Write only the number of lines in the entries below that contain the word "초록마을".

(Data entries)

::::::::::

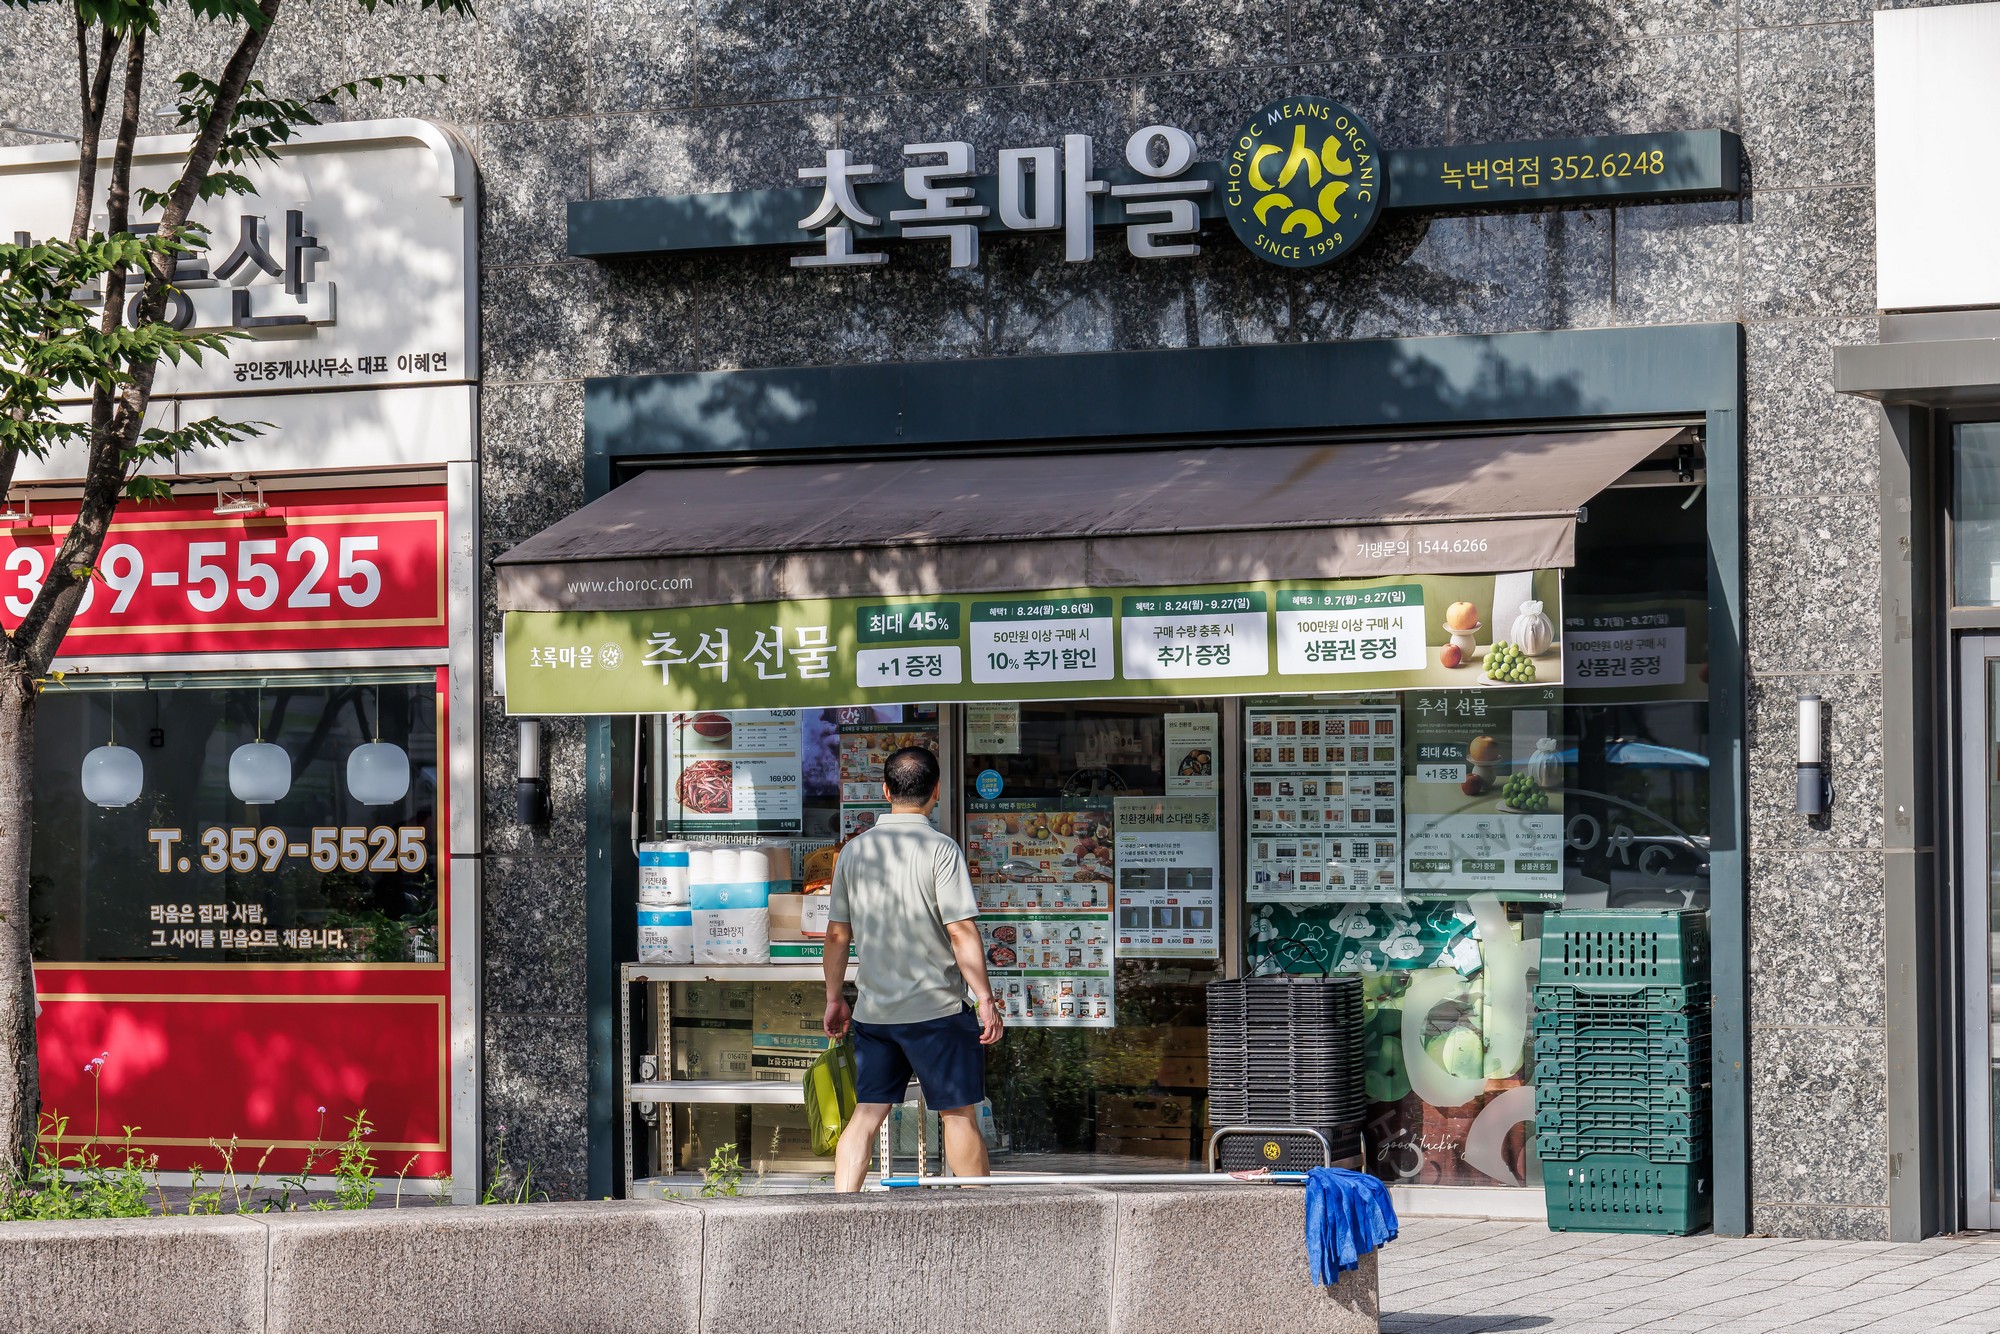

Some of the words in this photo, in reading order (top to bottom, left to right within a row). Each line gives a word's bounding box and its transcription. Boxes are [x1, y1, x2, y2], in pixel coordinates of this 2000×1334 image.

[1228, 123, 1263, 207] CHOROC
[1267, 103, 1330, 126] MEANS
[1335, 116, 1373, 203] ORGANIC
[1440, 156, 1541, 191] 녹번역점
[1549, 150, 1665, 182] 352.6248
[790, 125, 1215, 268] 초록마을
[1254, 234, 1300, 259] SINCE
[1309, 232, 1343, 257] 1999
[233, 361, 354, 382] 공인중개사사무소
[358, 359, 389, 375] 대표
[397, 351, 448, 373] 이혜연
[1356, 541, 1410, 558] 가맹문의
[1416, 538, 1488, 554] 1544.6266
[567, 575, 694, 593] www.choroc.com
[1136, 601, 1155, 612] 혜택2
[1292, 595, 1313, 606] 혜택3
[989, 606, 1008, 616] 혜택1
[869, 613, 903, 634] 최대
[908, 612, 949, 632] 45%
[1153, 626, 1174, 639] 구매
[1176, 625, 1197, 638] 수량
[1198, 624, 1221, 637] 충족
[1223, 623, 1235, 636] 시
[1297, 620, 1339, 634] 100만원
[1341, 619, 1364, 632] 이상
[1366, 617, 1389, 631] 구매
[1391, 616, 1403, 630] 시
[993, 631, 1029, 644] 50만원
[1031, 630, 1053, 643] 이상
[1055, 629, 1077, 642] 구매
[1079, 628, 1090, 641] 시
[530, 645, 594, 669] 초록마을
[641, 628, 729, 686] 추석
[743, 625, 837, 680] 선물
[1157, 646, 1192, 667] 추가
[1195, 644, 1231, 666] 증정
[1304, 640, 1356, 662] 상품권
[1359, 637, 1398, 660] 증정
[877, 657, 900, 676] +1
[905, 654, 943, 678] 증정
[987, 652, 1020, 670] 10%
[1023, 650, 1059, 671] 추가
[1061, 648, 1097, 669] 할인
[1576, 657, 1627, 677] 상품권
[1630, 655, 1661, 676] 증정
[1543, 689, 1554, 699] 26
[769, 709, 796, 718] 142,500
[1416, 698, 1449, 716] 추석
[1455, 698, 1488, 716] 선물
[1420, 746, 1440, 759] 최대
[1442, 747, 1463, 758] 45%
[769, 775, 796, 783] 169,900
[1425, 769, 1437, 779] +1
[1439, 768, 1458, 780] 증정
[1119, 813, 1164, 824] 친환경세제
[1166, 813, 1193, 824] 소다랩
[1195, 813, 1210, 824] 5종
[148, 827, 190, 874] T.
[200, 826, 427, 874] 359-5525
[1471, 862, 1482, 871] 추가
[1483, 862, 1496, 871] 증정
[1520, 863, 1539, 871] 상품권
[1540, 863, 1552, 871] 증정
[645, 877, 668, 885] 키친타올
[150, 904, 195, 923] 라움은
[199, 904, 229, 923] 집과
[232, 904, 268, 926] 사람,
[151, 930, 167, 947] 그
[170, 929, 215, 949] 사이를
[220, 929, 278, 948] 믿음으로
[282, 929, 348, 949] 채웁니다.
[645, 936, 668, 944] 키친타올
[709, 926, 744, 937] 데코화장지
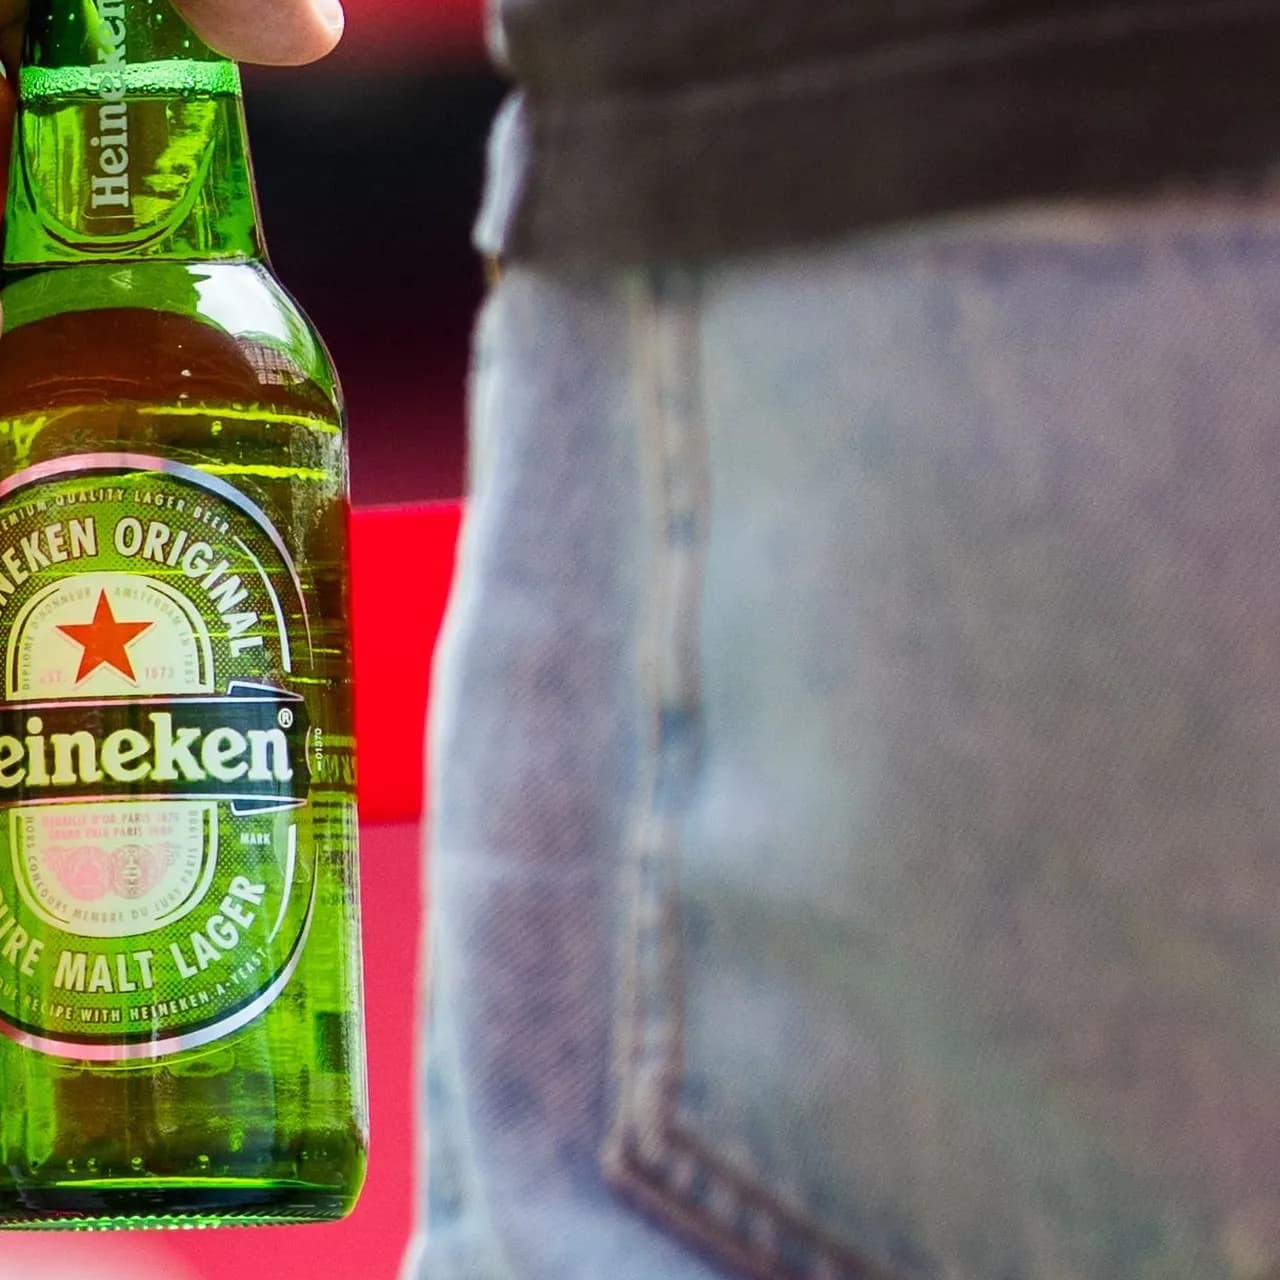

::::::::::

> _Response below_
2